RECORDS TO USE below:

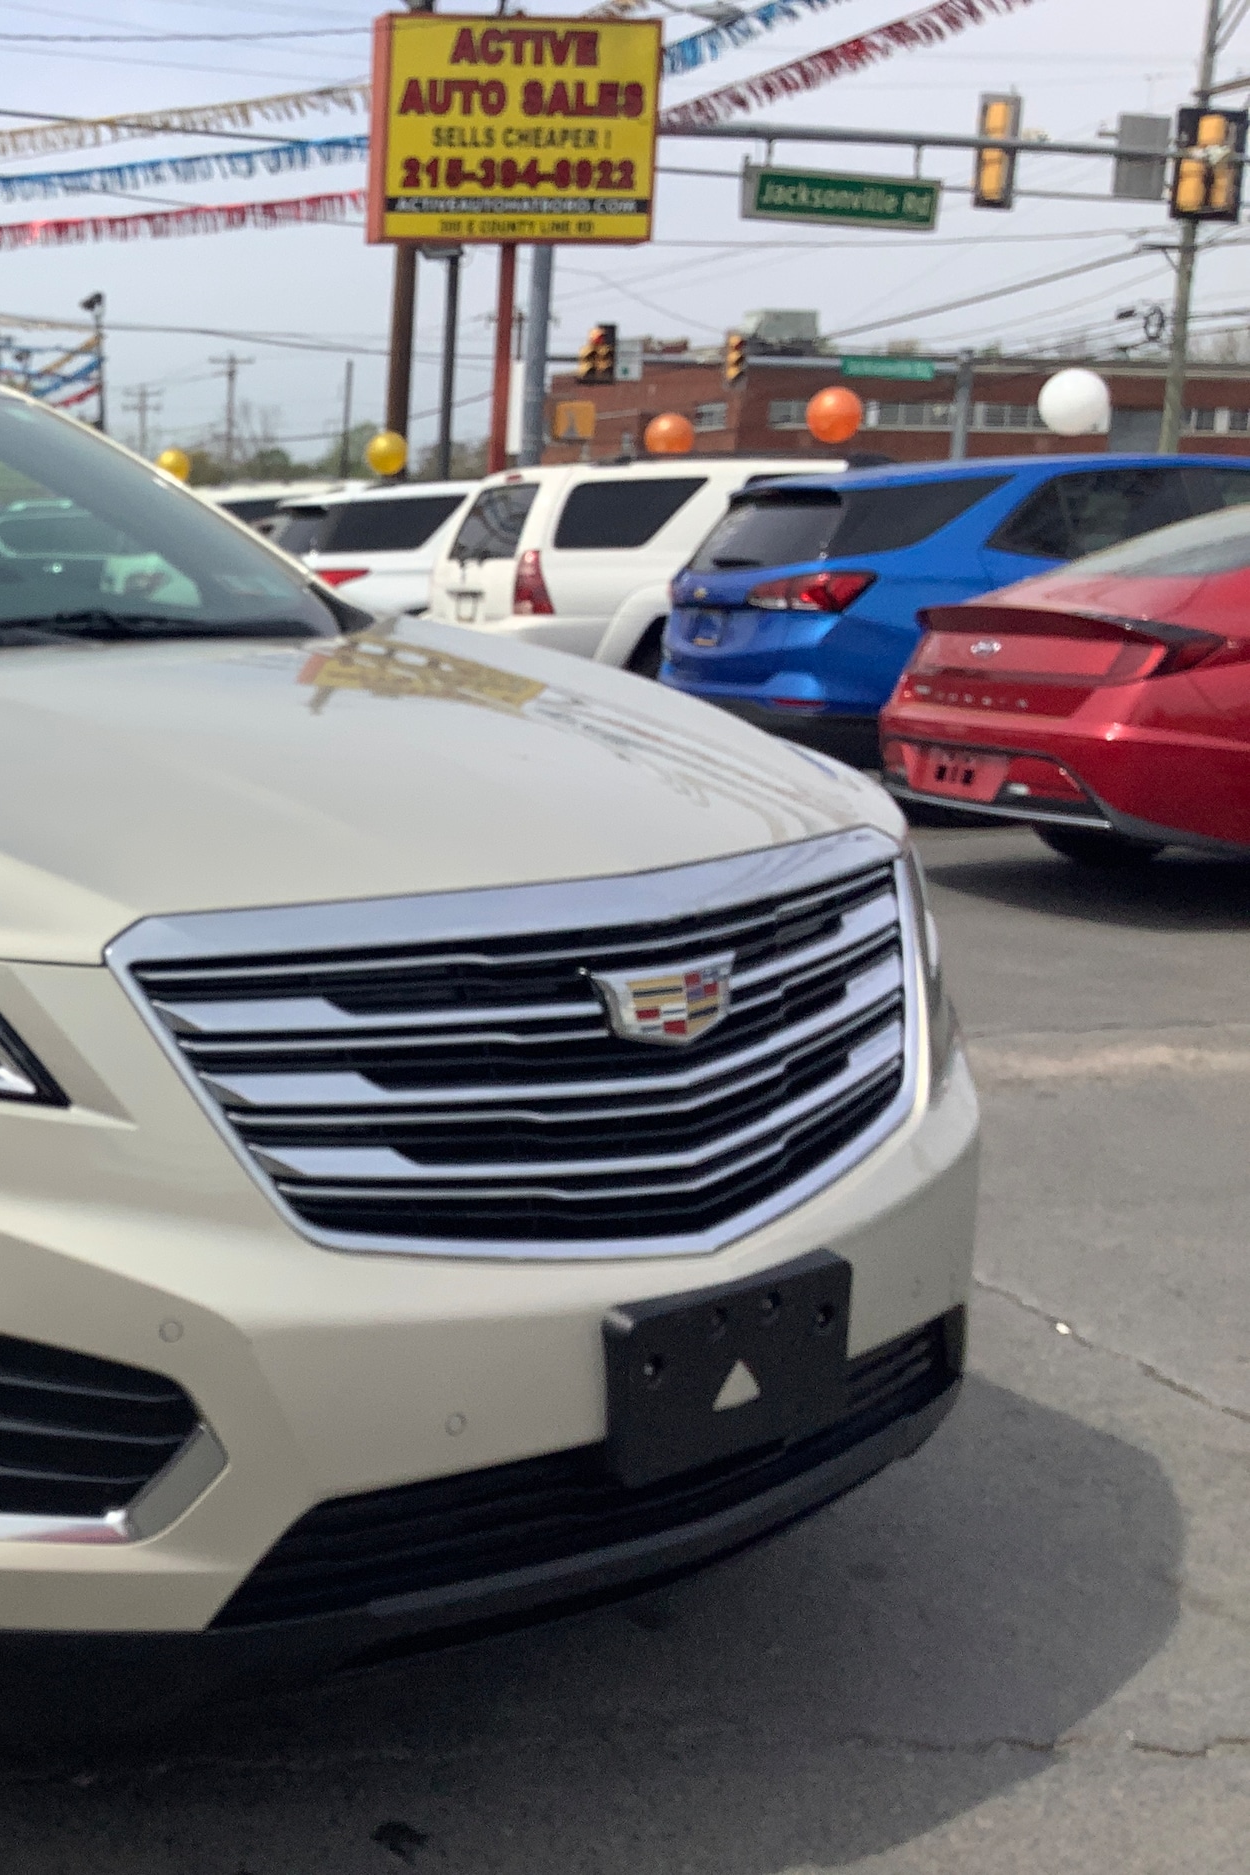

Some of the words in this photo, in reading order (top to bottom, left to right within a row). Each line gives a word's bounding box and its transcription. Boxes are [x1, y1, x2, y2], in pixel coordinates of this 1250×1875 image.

[450, 27, 599, 67] ACTIVE
[398, 78, 506, 116] AUTO
[521, 80, 644, 118] SALES
[431, 126, 495, 149] SELLS
[502, 127, 598, 149] CHEAPER
[762, 181, 899, 214] Jacksonville
[902, 191, 931, 217] Rd

End of RECORDS TO USE.

▶ **WORK ITEM**:
Retype each record exactly as it appears above and drop the images.

▶ **RESPONSE**:
Some of the words in this photo, in reading order (top to bottom, left to right within a row). Each line gives a word's bounding box and its transcription. Boxes are [x1, y1, x2, y2], in pixel coordinates of this 1250×1875 image.

[450, 27, 599, 67] ACTIVE
[398, 78, 506, 116] AUTO
[521, 80, 644, 118] SALES
[431, 126, 495, 149] SELLS
[502, 127, 598, 149] CHEAPER
[762, 181, 899, 214] Jacksonville
[902, 191, 931, 217] Rd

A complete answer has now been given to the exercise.